----- SOURCE MATERIAL
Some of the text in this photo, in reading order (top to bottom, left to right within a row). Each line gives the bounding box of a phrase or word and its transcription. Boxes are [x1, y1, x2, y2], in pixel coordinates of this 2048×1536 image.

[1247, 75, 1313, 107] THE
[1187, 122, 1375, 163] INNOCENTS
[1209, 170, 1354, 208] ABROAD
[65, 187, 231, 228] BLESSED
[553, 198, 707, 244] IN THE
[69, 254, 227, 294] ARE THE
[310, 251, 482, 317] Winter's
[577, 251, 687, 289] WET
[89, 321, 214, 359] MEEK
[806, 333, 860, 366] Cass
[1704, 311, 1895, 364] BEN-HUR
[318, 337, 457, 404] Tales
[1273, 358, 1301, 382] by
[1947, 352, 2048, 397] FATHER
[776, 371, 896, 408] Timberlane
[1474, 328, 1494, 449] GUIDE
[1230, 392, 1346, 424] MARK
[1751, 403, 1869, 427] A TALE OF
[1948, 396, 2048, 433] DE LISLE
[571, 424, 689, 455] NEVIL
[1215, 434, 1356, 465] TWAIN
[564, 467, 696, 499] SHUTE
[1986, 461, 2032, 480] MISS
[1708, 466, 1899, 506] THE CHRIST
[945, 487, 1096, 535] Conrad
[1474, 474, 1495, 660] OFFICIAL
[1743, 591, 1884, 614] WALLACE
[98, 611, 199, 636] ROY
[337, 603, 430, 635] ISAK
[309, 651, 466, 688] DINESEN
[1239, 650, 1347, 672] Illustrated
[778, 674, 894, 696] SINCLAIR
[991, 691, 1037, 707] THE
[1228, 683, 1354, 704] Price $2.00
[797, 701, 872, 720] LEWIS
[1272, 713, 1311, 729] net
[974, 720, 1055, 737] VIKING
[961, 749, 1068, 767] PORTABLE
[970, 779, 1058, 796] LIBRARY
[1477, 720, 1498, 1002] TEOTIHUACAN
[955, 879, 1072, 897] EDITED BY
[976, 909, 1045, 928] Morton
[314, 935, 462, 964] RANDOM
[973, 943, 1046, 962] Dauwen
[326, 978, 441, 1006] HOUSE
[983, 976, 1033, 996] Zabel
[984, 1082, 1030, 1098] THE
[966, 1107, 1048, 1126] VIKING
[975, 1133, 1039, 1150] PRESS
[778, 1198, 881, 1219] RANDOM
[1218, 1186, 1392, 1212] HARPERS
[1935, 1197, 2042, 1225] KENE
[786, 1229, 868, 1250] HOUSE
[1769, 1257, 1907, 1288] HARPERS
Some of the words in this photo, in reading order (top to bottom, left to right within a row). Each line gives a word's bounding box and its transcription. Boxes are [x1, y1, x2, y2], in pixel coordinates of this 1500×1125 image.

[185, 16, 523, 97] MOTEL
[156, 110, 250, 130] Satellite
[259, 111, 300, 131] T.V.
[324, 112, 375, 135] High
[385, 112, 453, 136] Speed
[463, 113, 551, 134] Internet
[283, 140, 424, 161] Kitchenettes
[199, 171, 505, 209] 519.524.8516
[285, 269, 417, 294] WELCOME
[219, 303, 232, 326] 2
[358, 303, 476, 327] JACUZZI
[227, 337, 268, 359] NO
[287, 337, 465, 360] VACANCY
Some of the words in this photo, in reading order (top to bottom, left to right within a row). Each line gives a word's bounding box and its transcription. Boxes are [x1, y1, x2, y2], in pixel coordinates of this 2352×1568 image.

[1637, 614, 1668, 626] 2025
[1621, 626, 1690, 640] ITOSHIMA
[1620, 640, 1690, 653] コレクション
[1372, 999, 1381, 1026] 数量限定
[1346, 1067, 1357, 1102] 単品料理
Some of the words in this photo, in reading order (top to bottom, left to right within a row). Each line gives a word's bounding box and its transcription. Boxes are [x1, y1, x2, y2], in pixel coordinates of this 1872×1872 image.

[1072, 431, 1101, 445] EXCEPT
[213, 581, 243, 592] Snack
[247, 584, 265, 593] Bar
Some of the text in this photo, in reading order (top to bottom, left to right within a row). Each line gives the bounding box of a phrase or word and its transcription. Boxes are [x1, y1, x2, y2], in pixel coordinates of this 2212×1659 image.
----------
## EXERCISE:
Every entry must appear in the answer, reproduced exactly.

## EXERCISE ANSWER:
Some of the text in this photo, in reading order (top to bottom, left to right within a row). Each line gives the bounding box of a phrase or word and its transcription. Boxes are [x1, y1, x2, y2], in pixel coordinates of this 2048×1536 image.

[1247, 75, 1313, 107] THE
[1187, 122, 1375, 163] INNOCENTS
[1209, 170, 1354, 208] ABROAD
[65, 187, 231, 228] BLESSED
[553, 198, 707, 244] IN THE
[69, 254, 227, 294] ARE THE
[310, 251, 482, 317] Winter's
[577, 251, 687, 289] WET
[89, 321, 214, 359] MEEK
[806, 333, 860, 366] Cass
[1704, 311, 1895, 364] BEN-HUR
[318, 337, 457, 404] Tales
[1273, 358, 1301, 382] by
[1947, 352, 2048, 397] FATHER
[776, 371, 896, 408] Timberlane
[1474, 328, 1494, 449] GUIDE
[1230, 392, 1346, 424] MARK
[1751, 403, 1869, 427] A TALE OF
[1948, 396, 2048, 433] DE LISLE
[571, 424, 689, 455] NEVIL
[1215, 434, 1356, 465] TWAIN
[564, 467, 696, 499] SHUTE
[1986, 461, 2032, 480] MISS
[1708, 466, 1899, 506] THE CHRIST
[945, 487, 1096, 535] Conrad
[1474, 474, 1495, 660] OFFICIAL
[1743, 591, 1884, 614] WALLACE
[98, 611, 199, 636] ROY
[337, 603, 430, 635] ISAK
[309, 651, 466, 688] DINESEN
[1239, 650, 1347, 672] Illustrated
[778, 674, 894, 696] SINCLAIR
[991, 691, 1037, 707] THE
[1228, 683, 1354, 704] Price $2.00
[797, 701, 872, 720] LEWIS
[1272, 713, 1311, 729] net
[974, 720, 1055, 737] VIKING
[961, 749, 1068, 767] PORTABLE
[970, 779, 1058, 796] LIBRARY
[1477, 720, 1498, 1002] TEOTIHUACAN
[955, 879, 1072, 897] EDITED BY
[976, 909, 1045, 928] Morton
[314, 935, 462, 964] RANDOM
[973, 943, 1046, 962] Dauwen
[326, 978, 441, 1006] HOUSE
[983, 976, 1033, 996] Zabel
[984, 1082, 1030, 1098] THE
[966, 1107, 1048, 1126] VIKING
[975, 1133, 1039, 1150] PRESS
[778, 1198, 881, 1219] RANDOM
[1218, 1186, 1392, 1212] HARPERS
[1935, 1197, 2042, 1225] KENE
[786, 1229, 868, 1250] HOUSE
[1769, 1257, 1907, 1288] HARPERS
Some of the words in this photo, in reading order (top to bottom, left to right within a row). Each line gives a word's bounding box and its transcription. Boxes are [x1, y1, x2, y2], in pixel coordinates of this 1500×1125 image.

[185, 16, 523, 97] MOTEL
[156, 110, 250, 130] Satellite
[259, 111, 300, 131] T.V.
[324, 112, 375, 135] High
[385, 112, 453, 136] Speed
[463, 113, 551, 134] Internet
[283, 140, 424, 161] Kitchenettes
[199, 171, 505, 209] 519.524.8516
[285, 269, 417, 294] WELCOME
[219, 303, 232, 326] 2
[358, 303, 476, 327] JACUZZI
[227, 337, 268, 359] NO
[287, 337, 465, 360] VACANCY
Some of the words in this photo, in reading order (top to bottom, left to right within a row). Each line gives a word's bounding box and its transcription. Boxes are [x1, y1, x2, y2], in pixel coordinates of this 2352×1568 image.

[1637, 614, 1668, 626] 2025
[1621, 626, 1690, 640] ITOSHIMA
[1620, 640, 1690, 653] コレクション
[1372, 999, 1381, 1026] 数量限定
[1346, 1067, 1357, 1102] 単品料理
Some of the words in this photo, in reading order (top to bottom, left to right within a row). Each line gives a word's bounding box and its transcription. Boxes are [x1, y1, x2, y2], in pixel coordinates of this 1872×1872 image.

[1072, 431, 1101, 445] EXCEPT
[213, 581, 243, 592] Snack
[247, 584, 265, 593] Bar
Some of the text in this photo, in reading order (top to bottom, left to right within a row). Each line gives the bounding box of a phrase or word and its transcription. Boxes are [x1, y1, x2, y2], in pixel coordinates of this 2212×1659 image.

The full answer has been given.